Making contraceptive devices available, then, was part of a much larger project of radical social change, embracing the liberation of women and the working class. Document 2 The Second issue of The Woman Rebel announced that the United States postmaster had declared the newspaper unmailable under section 211 of the United States Criminal Code. Copies of that issue and subsequent ones were confiscated. The man most responsible for marshaling support for such legislation, then seeing it enforced, was Anthony Cornstock, who had a long career during the late nineteenth and early twentieth centuries as a crusader against vice.

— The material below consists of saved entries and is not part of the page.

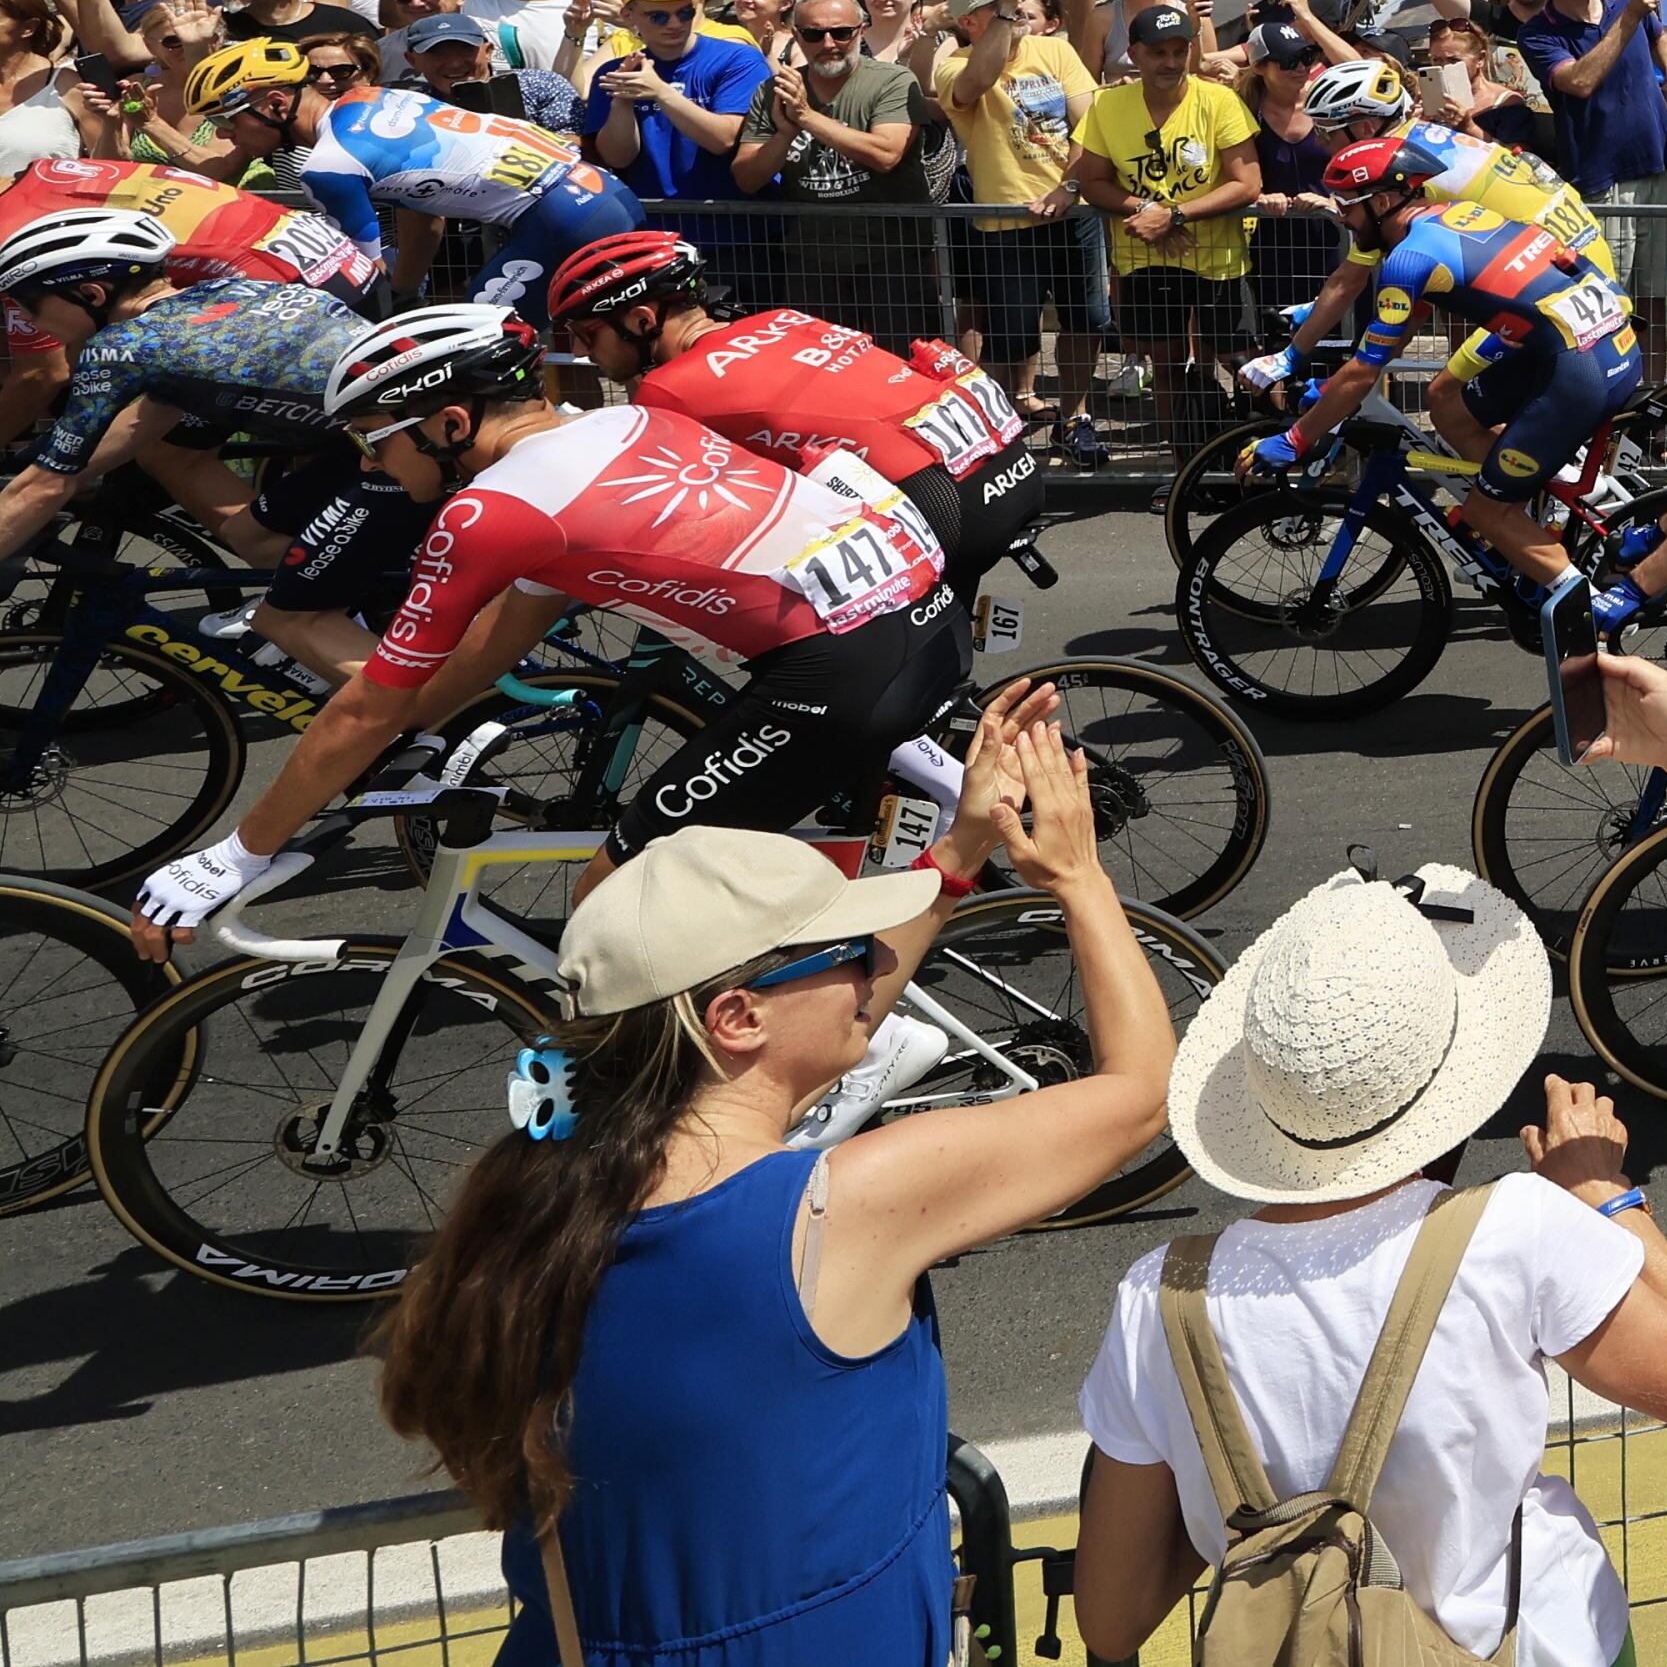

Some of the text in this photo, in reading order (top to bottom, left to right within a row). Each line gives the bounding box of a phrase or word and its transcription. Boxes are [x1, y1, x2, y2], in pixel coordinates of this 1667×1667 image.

[1336, 142, 1387, 163] TREK
[818, 186, 860, 199] HONOLULU
[1543, 197, 1590, 245] 181
[1503, 234, 1557, 272] TRE
[581, 274, 613, 296] ARKEA
[1575, 284, 1614, 329] 42
[73, 368, 112, 382] ease
[366, 349, 424, 382] Cofidis
[235, 394, 351, 430] BETCITY
[983, 452, 1037, 505] ARKEA
[1616, 450, 1640, 474] 42
[301, 496, 351, 547] VISMA
[1395, 483, 1500, 596] TREK
[154, 533, 201, 566] SWISS
[391, 498, 484, 644] Cofidis
[804, 528, 895, 610] 147
[587, 569, 737, 615] Cofidis
[1409, 553, 1435, 602] AEOLUS
[992, 605, 1019, 640] 167
[1188, 556, 1269, 702] BONTRAGER
[655, 723, 792, 818] Cofidis
[896, 807, 932, 850] 147

Document 3 Just before she was to be arrested for distributing contraceptive information, Sanger fled America for England, where she spent her time among European radicals, reformers, and family-planning professionals. But a few months later, her husband, William Sanger, was arrested by Anthony Cornstock in New York City, and then imprisoned for purveying lewd materials. Margaret Sanger returned to New York, where she knew she would face trial. She eventually acquitted, but in the meantime, she lectured, wrote essays, and opened the nation’s first family-planning clinic.

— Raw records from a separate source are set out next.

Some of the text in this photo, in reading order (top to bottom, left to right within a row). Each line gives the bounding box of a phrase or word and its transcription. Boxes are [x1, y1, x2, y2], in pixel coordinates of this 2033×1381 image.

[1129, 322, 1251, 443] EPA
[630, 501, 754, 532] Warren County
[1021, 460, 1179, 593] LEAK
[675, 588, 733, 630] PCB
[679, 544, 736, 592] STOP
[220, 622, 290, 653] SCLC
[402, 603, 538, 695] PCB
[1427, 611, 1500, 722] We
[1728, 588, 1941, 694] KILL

Document 3 comes from the introduction to a book Sanger edited called The Case for Birth Control (1917). In this essay, she summarized much of the argument she had been advertising since returning to the United States. While her commitment to poor and working women is still evident here, her style had changed considerably since The Woman Rebel. Sanger was in the midst of concentrating all of her efforts on birth control, distancing herself from the radical positions she had staked out earlier. She thought this was a way to achieve one of her important goals. Document 4
Michael P. Dowling was a member of the Society of Jesus, and as a Jesuit, he articulated a position familiar to the Catholic Church and its followers. Document 4 is an excerpted from his pamphlet Race-Suicide (1915), which couched arguments against birth control in the language of duty, self-sacrifice, religious obligation, and family values. Where as Sanger argued for the right of women and the poor to make individual decisions about contraception, Dowling appealed to the good of the community which he asserted took precedence over personal needs or desires. Document 6
The following debate took place in New York City in 1920, Margaret Sanger and Winter Russell addressed the issues: “Resolved, that the spreading of birth control knowledge to the welfare of humanity. ” Freedom of speech was an issue that had got Winter Russell, A New York City attorney, in trouble on the eve of World War 1. His disavowal of military preparedness and his espousal of pacifism on Christian grounds were cause for considerable official and public censure. Yet, when it came to contraception, he implied that restricting the flow of information served a higher good.
While Russell’s rhetoric is more emotional than Sanger’s they both asserted “scientific” claims. Russell declared it a “law of nature” that there could be no pleasure without cost, and that it was akin to alchemy to think otherwise. Russell depicted a world of Darwinian struggle that limited human freedom and happiness. Sanger appealed less to scientific metaphors and more to scientific method. She argued her case fully in the style of the Progressive Era: fact-laden, scientific, and analytical. She now spoke in terms of middle-class reform, not working-class or feminist rebellion.